** Activity **
The goal is a clean copy of all the data below, with pictures dropped and everything else retyped exactly.
++++++++++
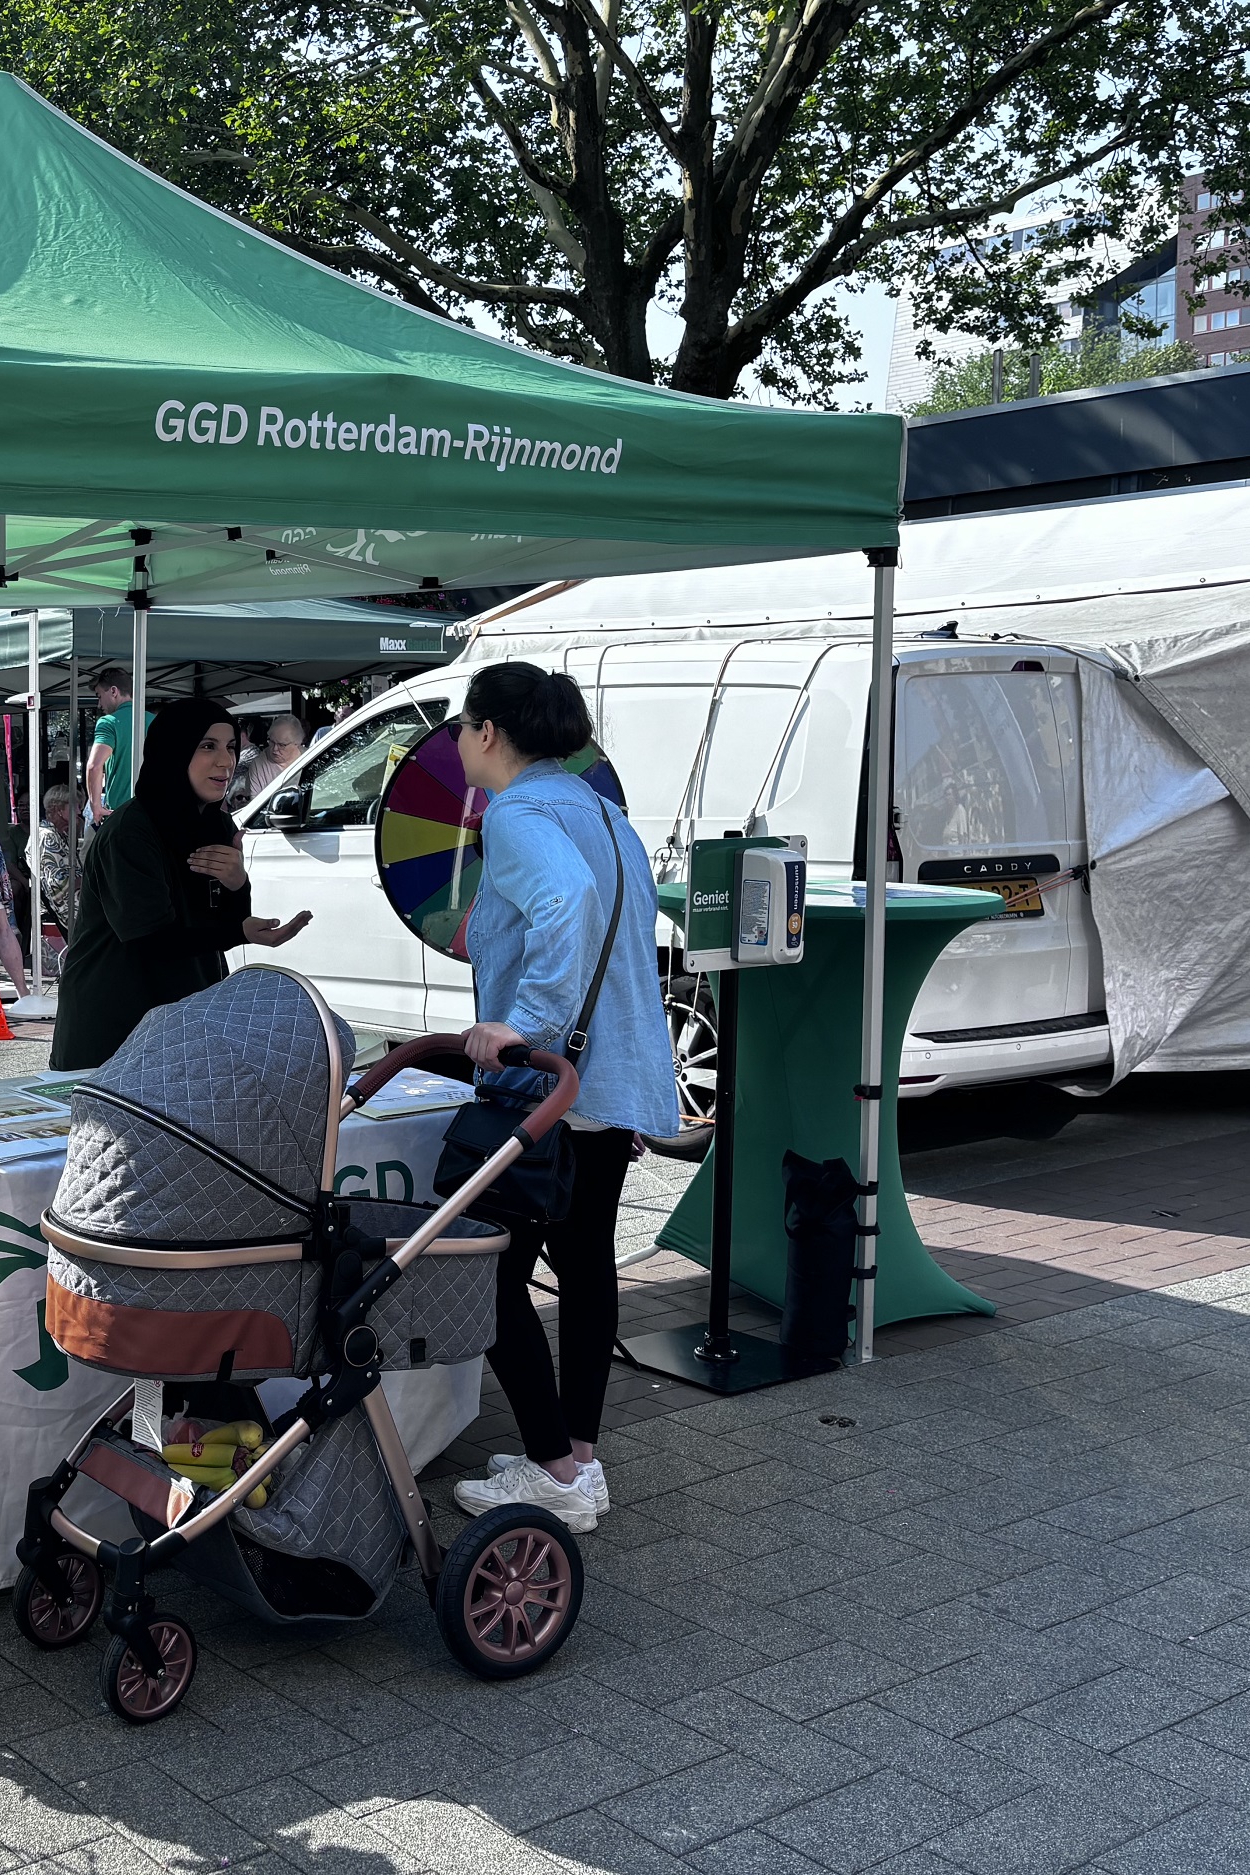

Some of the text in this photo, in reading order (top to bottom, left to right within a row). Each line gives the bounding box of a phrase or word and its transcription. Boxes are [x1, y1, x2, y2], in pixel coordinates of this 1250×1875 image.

[155, 399, 623, 474] GGD Rotterdam-Rijnmond
[380, 637, 406, 650] Maxx
[964, 862, 1032, 874] CADDY
[694, 890, 730, 906] Geniet
[334, 1160, 414, 1202] GD
++++++++++
** Written answer **
Some of the text in this photo, in reading order (top to bottom, left to right within a row). Each line gives the bounding box of a phrase or word and its transcription. Boxes are [x1, y1, x2, y2], in pixel coordinates of this 1250×1875 image.

[155, 399, 623, 474] GGD Rotterdam-Rijnmond
[380, 637, 406, 650] Maxx
[964, 862, 1032, 874] CADDY
[694, 890, 730, 906] Geniet
[334, 1160, 414, 1202] GD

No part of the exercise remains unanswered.